Keywords

These keywords were added by machine and not by the authors. This process is experimental and the keywords may be updated as the learning algorithm improves.

1 Introduction

Diabetic retinopathy (DR) is a potential consequence of diabetes, affecting nearly 34% of the diabetic population. The disease progresses through stages characterized mainly by the lesions observed in the retina. In 2D fundus, those lesions can be regrouped in two categories according to their appearance: bright (such as exudates and cotton wool spots) and red (such as hemorrhages and microaneurysms). Most of the literature on DR lesion segmentation proposes three main stages: candidates detection, candidates classification and refinement of the segmentation. This approach is used for example for red lesion detection in [1] using handcrafted features. Deep learning has been used in [2] for hemorrhage detection. For bright lesions, detection and segmentation usually rely on unsupervised methods, as in [3]. Nonetheless, clinical assessment requires detection of all types of lesions. This hypothesis stems from the empirical observation of the labeling process done by medical experts on fundus images. Each salient region is classified according to its specific content but also to the context of the entire image (like the presence of other lesions). An automatic decision system can learn implicitly the DR grading by using a model as a black box. However, to reproduce the protocol used by the grader the decision should rely on an explicit full detection of lesions. Meanwhile, the capacity of CNNs to segment medical images obtained from multiple modalities through multitasking has been demonstrated in [4]. Even for a single modality, multitasking is well suited for jointly segmenting different types of lesions. This approach provides several advantages, especially shorter inference times and the ability to train a single architecture to independently perform multiple highly specialized tasks that share a common basis.

To our knowledge, there are no methods based on fully convolutional approaches used for joint lesions segmentations. To address this gap, this paper focuses on segmenting bright and red lesions with a single deep multitask architecture, without the need of blood vessels nor optic disc removal. We propose a novel network based on recent developments of CNNs, like Residual Connections, Global Convolution and Mixed-pooling. We also introduce Dense Pooling Connections, a new type of connection that is designed to reinforce the robustness to noise by aggregating maximum activations within multiple regions. We prove a performance improvement in comparison with existing architecture.

2 Methods

Overview. We train a novel CNN architecture with patches randomly extracted from normalized images. The architecture extends the U-Net [5] with multi-task learning. Improvement of the descending part (the encoder) of U-Net is proposed as well as a new training strategy. The features from the encoder are shared by two decoders respectively specialized respectively in bright and red lesions segmentation.

Fig. 1.
figure 1

The network is fed patches from the normalized images. (a) The encoding module uses a generic set of parameters shared by the two tasks. (b) The decoding modules are task-specific. An auxiliary cost (c) is added at the end of the encoding module; it is trained only to predict the presence of lesions.

2.1 Multitask Architecture

Multitask learning was introduced in [6] as a way to improve generalization.

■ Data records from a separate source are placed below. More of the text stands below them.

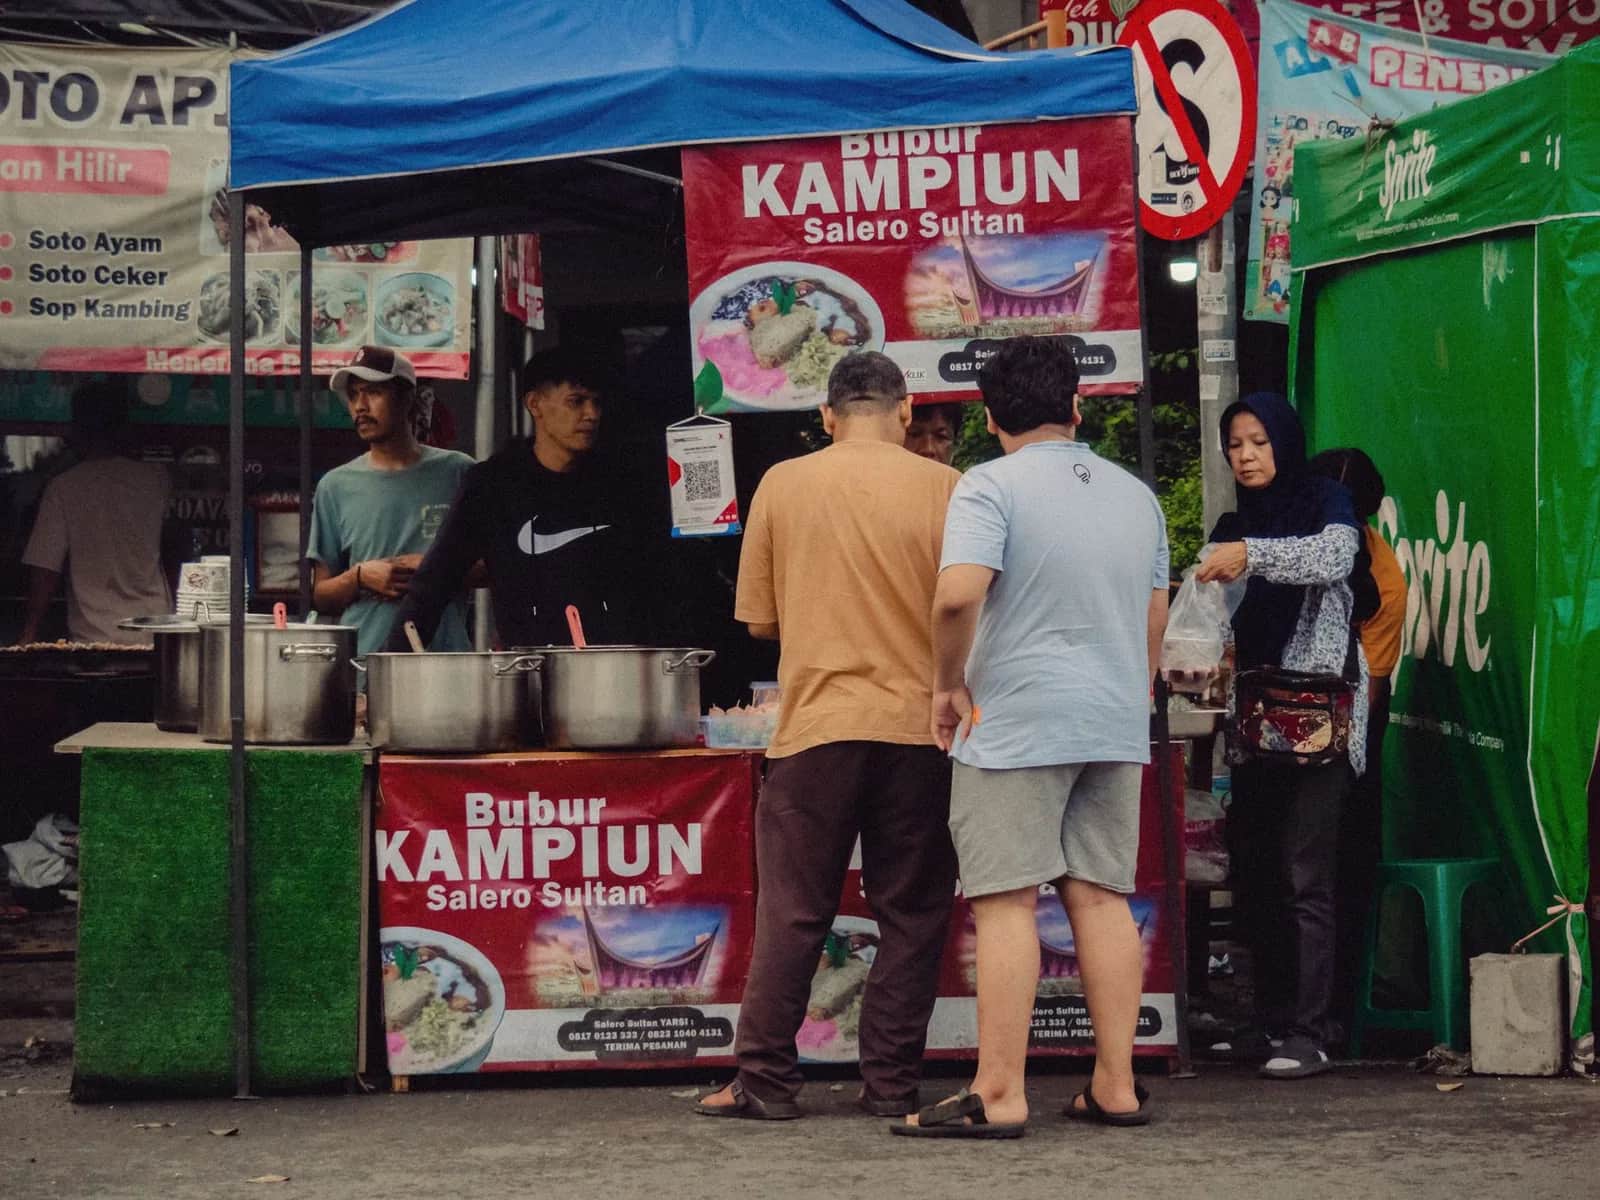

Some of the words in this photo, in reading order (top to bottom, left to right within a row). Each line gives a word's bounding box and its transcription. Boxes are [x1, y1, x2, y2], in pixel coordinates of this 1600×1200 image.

[1423, 0, 1450, 33] &
[0, 70, 100, 122] TO
[841, 127, 981, 159] Bubur
[57, 150, 133, 183] Hilir
[1379, 129, 1437, 222] Sprite
[742, 149, 1081, 218] KAMPIUN
[803, 215, 908, 244] Salero
[919, 209, 1025, 238] Sultan
[29, 231, 86, 250] Soto
[94, 232, 162, 255] Ayam
[29, 264, 86, 283] Soto
[94, 265, 168, 285] Ceker
[29, 297, 77, 320] Sop
[85, 299, 191, 321] Kambing
[1080, 355, 1106, 365] 4131
[465, 792, 606, 828] Bubur
[376, 823, 703, 882] KAMPIUN
[426, 884, 531, 912] Salero
[541, 881, 647, 908] Sultan
[594, 1021, 625, 1029] Salero
[628, 1019, 658, 1028] Sultan
[661, 1018, 688, 1026] YARSI
[1056, 1007, 1086, 1015] Sultan
[569, 1032, 592, 1041] 0817
[594, 1031, 618, 1040] 0123
[673, 1029, 697, 1038] 1040
[698, 1028, 723, 1037] 4131
[605, 1042, 640, 1051] TERIMA
[1033, 1029, 1068, 1038] TERIMA
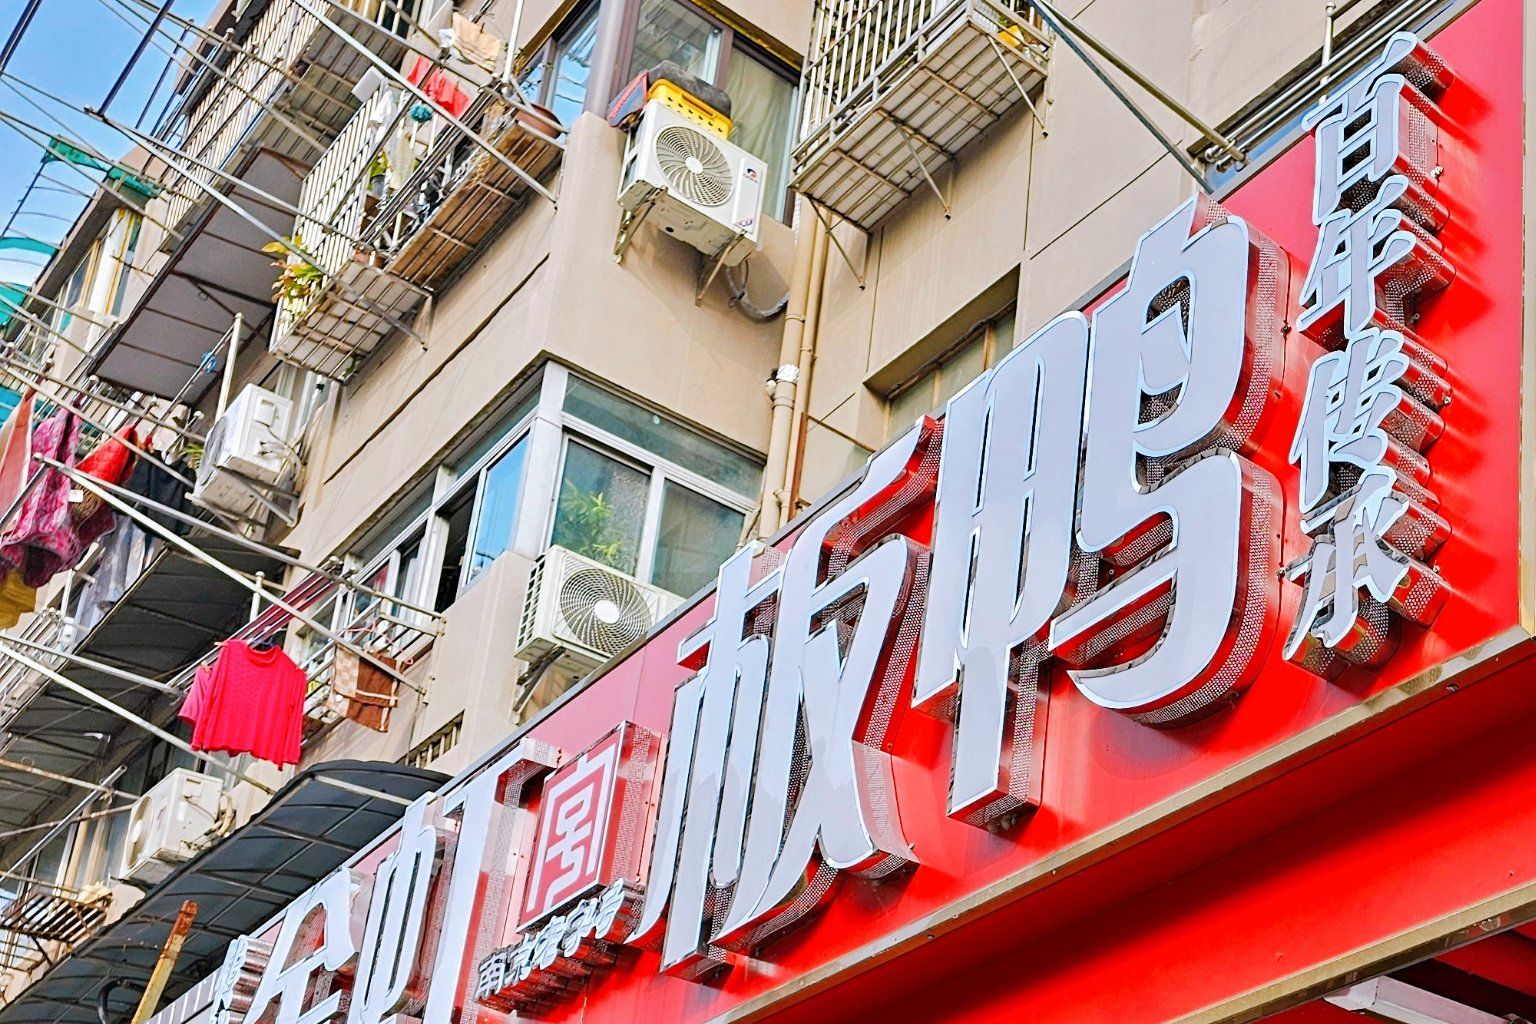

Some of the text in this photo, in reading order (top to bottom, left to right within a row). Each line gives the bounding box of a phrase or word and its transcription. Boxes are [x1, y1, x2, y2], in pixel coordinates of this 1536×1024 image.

[627, 195, 1249, 971] 板鸭
[1284, 30, 1416, 662] 百年传承
[475, 878, 626, 999] 南京老字号
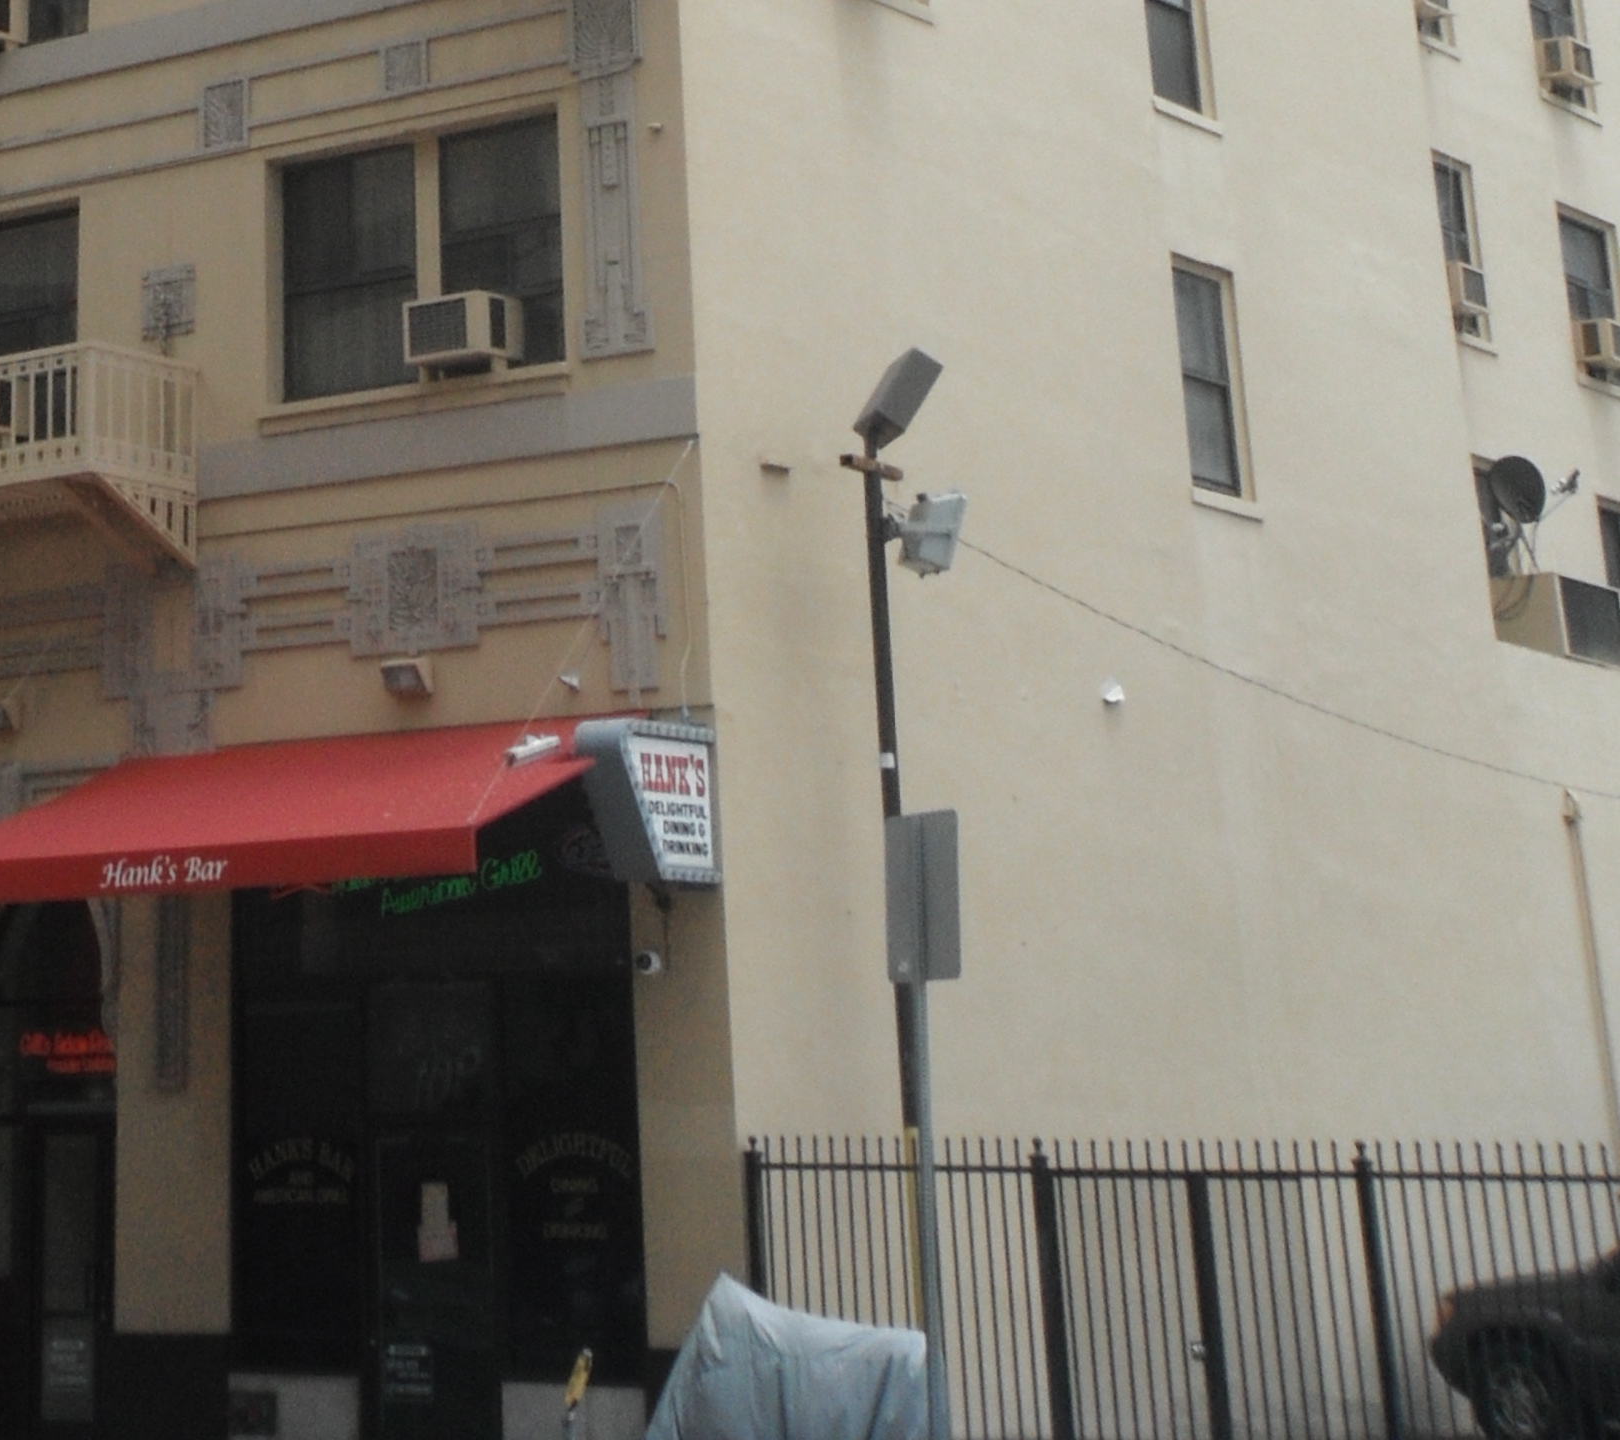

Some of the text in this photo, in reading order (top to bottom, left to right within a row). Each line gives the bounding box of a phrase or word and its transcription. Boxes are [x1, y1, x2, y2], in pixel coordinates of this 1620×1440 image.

[640, 752, 706, 797] HANK'S
[648, 800, 708, 820] DELIGHTFUL
[663, 820, 697, 836] DINING
[662, 839, 709, 858] DRINKING
[99, 854, 228, 889] Hank's Bar

Part of the model is shared across independent tasks, while each task has its specifics parameters. Figure 1 shows our global architecture and Fig. 2 describes the encoding module in detail. The intuition behind multi-task learning in our case is that information needed for bright and red lesions segmentation is common to both tasks (for example, anatomical features of the retina).

Fig. 2.
figure 2

Decoding module used with residual connections at every level, dense pooling connections and global convolutional network.

Mixed Pooling: Each max-pooling is replaced by mixed-pooling layer [7]. For an input tensor \(\varvec{x}\) composed of N channels and a vector \(\varvec{a}\) (trainable parameter), the mixed-pooling layer computes:

$$\begin{aligned} f_{mix}(\varvec{x}_n) = \varvec{a}_n \cdot f_{max}(\varvec{x}_n)+(1-\varvec{a}_n)\cdot f_{avg}(\varvec{x}_n) \text{ with } n \in \{1,..., N\} \end{aligned}$$
(1)

We use one scalar (\(\varvec{a}_n \in [0,1]\)) per layer/channel, for an efficient combination without drastically increasing the number of parameters of the model (N additional parameters per pooling layer).

Residual Connection: At each resolution level, the two \(3\times 3\) convolutions of the original U-Net are extended to become residual blocks as introduced in [8]. The motivation is to prevent the degradation problem observed in large models by allowing the blocks to possibly become identity mappings.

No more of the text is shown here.